The H. Grenser has only an open hole for c'', that must be kept closed by the thumb unless c'' or c''' is wanted. The key for Bb is given to RH1. The open hole works great. But I miss the thumb Bb key; it is not always easy or possible to use the key for RH1. On the Tromlitz flute (equipped with the keys he described in 1800), the c'' hole is covered with an open-standing key. This key would be no better than the open hole, except that it allows the thumb to more easily control two keys, the second being a second key, closed-standing, for Bb. Though it takes practice to rotate the thumb from one of its keys to the other, this is really a very fine design.
The left hand thumb-controlled C hole was not adopted on the simple system flute (though that is exactly what Boehm chose for his system). Two other ideas, both of which survived throughout the 19th century, can be seen below. On the boxwood flute by S. Koch (c.1815) below, there is a key on the back for use with the base of LH3. On the ebony flute by I. G. Freyer (c.1805), there is a long key for RH1. The arrows point to the pewter plug and flap of these C keys. This latter key is the type of C key that became standard, or at least was by far the most common, in the 19th century. It was described in a patent by the London maker Monzani in 1807, but probably anticipated by Grenser, Kirst, and other makers a few years before that. Still, it is safe to say that the long C key was essentially unknown before 1800.
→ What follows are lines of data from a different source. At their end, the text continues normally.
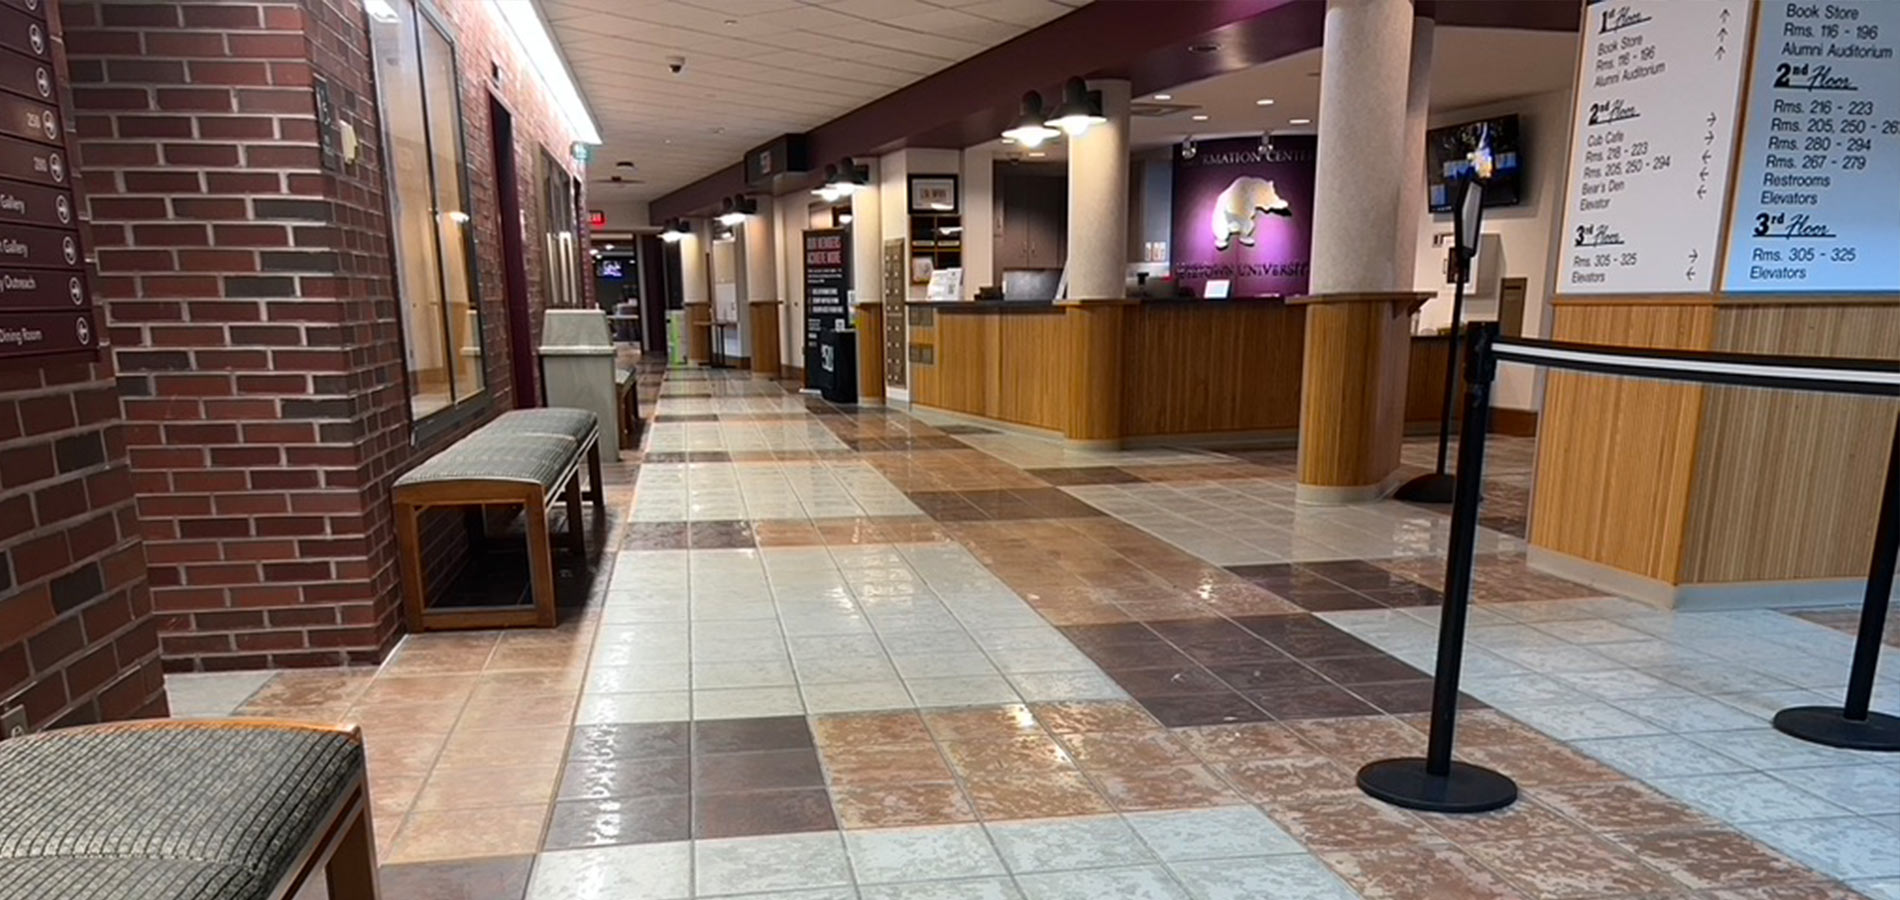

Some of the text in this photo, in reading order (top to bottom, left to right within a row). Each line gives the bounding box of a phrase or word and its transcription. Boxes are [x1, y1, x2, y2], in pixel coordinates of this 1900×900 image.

[1599, 6, 1642, 34] 1st Floor
[1786, 3, 1859, 20] Book Store
[1783, 22, 1814, 38] Rms.
[1821, 24, 1839, 39] 116
[1856, 25, 1878, 40] 196
[1597, 35, 1643, 56] Book Store
[1781, 41, 1893, 59] Alumni Auditorium
[1593, 62, 1665, 88] Alumni Auditorium
[1774, 63, 1853, 91] 2nd Floor
[1588, 99, 1636, 126] 2nd Floor
[1773, 99, 1804, 115] Rms.
[1810, 100, 1832, 115] 216
[1848, 101, 1873, 116] 223
[1771, 117, 1802, 133] Rms.
[1840, 119, 1866, 134] 250
[1882, 120, 1900, 135] 26
[1587, 131, 1625, 148] Cub Cafe
[1768, 136, 1799, 151] Rms.
[1804, 137, 1831, 151] 280
[1847, 138, 1872, 152] 294
[1631, 142, 1649, 157] 223
[1625, 159, 1643, 174] 250
[1653, 155, 1671, 171] 294
[1766, 154, 1797, 169] Rms.
[1802, 155, 1827, 169] 267
[1842, 156, 1867, 170] 279
[1582, 179, 1625, 195] Bear's Den
[1763, 172, 1831, 187] Restrooms
[0, 193, 25, 215] Gallery
[1580, 198, 1610, 211] Elevator
[1760, 190, 1818, 206] Elevators
[1754, 212, 1830, 240] 3rd Floor
[1575, 224, 1594, 246] 3rd
[3, 238, 28, 258] Gallery
[1752, 248, 1783, 262] Rms.
[1788, 248, 1815, 262] 305
[1830, 248, 1857, 262] 325
[1594, 254, 1611, 267] 305
[1620, 252, 1637, 266] 325
[1571, 271, 1605, 284] Elevators
[1750, 266, 1806, 280] Elevators
[4, 275, 37, 290] Outreach
[21, 326, 43, 342] Room
The long C key was not used very often; it never became the standard fingering for c'' or c'''. It is awkward to pass from c'' with that key to d'', for example. It was used for C/B trills and when C was the high note in a figure or phrase.
Closed-standing keys for c'' for the left hand thumb may be found on some 19th century flutes (e.g. by Streitwolf and Nonon). An unusual flute by Pentenrieder, c.1845, has a c'' key for LH4, with a touch next to the G# and long F key touches.
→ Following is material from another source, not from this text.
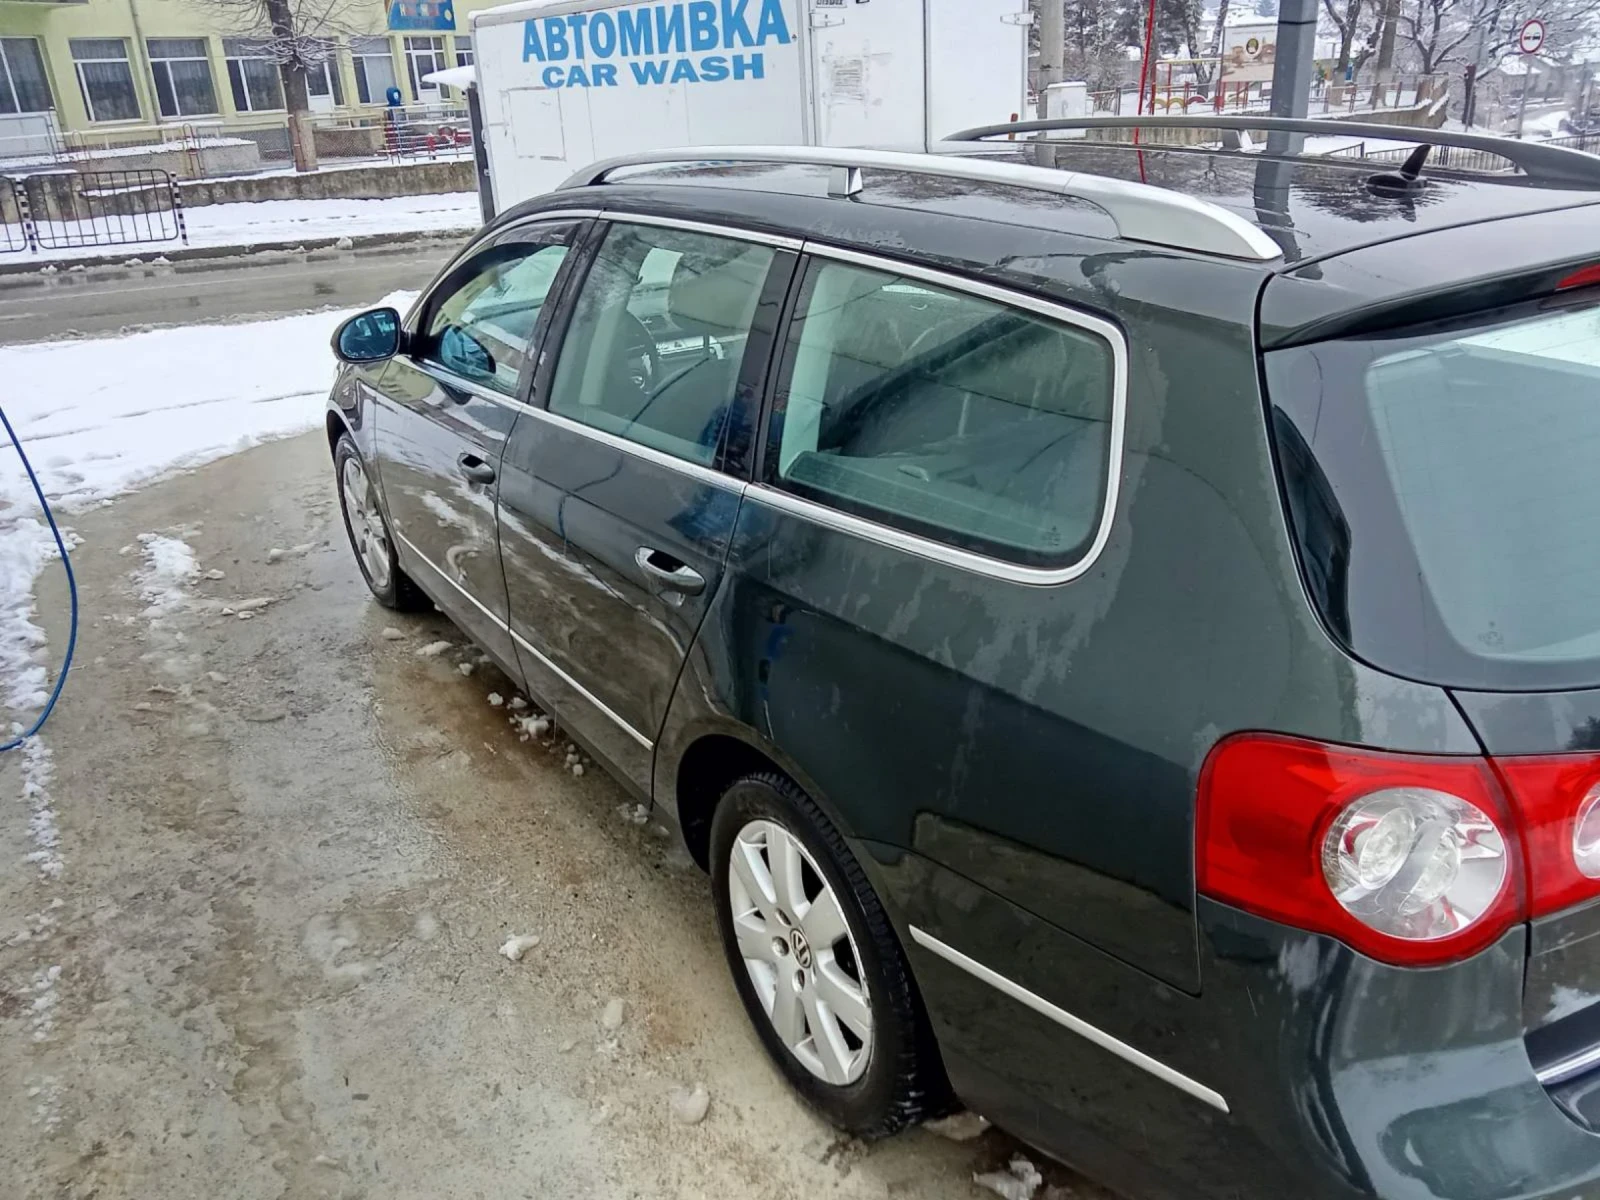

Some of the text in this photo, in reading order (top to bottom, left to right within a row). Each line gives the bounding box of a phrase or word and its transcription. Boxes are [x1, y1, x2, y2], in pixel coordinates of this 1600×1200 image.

The alert viewer may have noticed that the G# key is sometimes mounted on the upper center joint (on the English flutes and Viennese flute shown above) and sometimes on the lower center (on the German flutes on this page). The G# key should ideally be placed almost exactly where the socket and tenon meet. The possible compromises are to make the G# hole small and move the G# key up to the upper center, or make the G# hole large and put it on the lower center. Different countries chose different solutions. One reason German flutes have the G# on the lower center is that the corps de rechange was still very popular there until c.1820, and with the G# on the lower center, it did not have to be replicated on each of the upper center joints. But soon the G# key would be found on the upper center on the flutes of all countries.
The size and position of the G# hole affects some of the fingerings used in the 19th century. A classical flute with the G# on the lower center is not suitable for playing music after about 1820, if all the advice and alternate fingerings that appear in flute methods of Drouet, Fürstenau, Tulou, Nicholson, etc., are to be followed.
We will leave further discussion of keys used on the simple system
flute until the next section on 19th century keyed flutes.
But we must mention that there were experiments and likely
a number of flutes made with an extended foot and extra key for low b
before 1800, probably in Vienna and perhaps elsewhere.
A pamphlet published by Orazi in Rome in 1797
contains a diagram of a flute with an extended
foot with keys down to g below middle c'. It is not clear
that this is a diagram of a real flute, but such flutes
were made in Vienna well before 1820.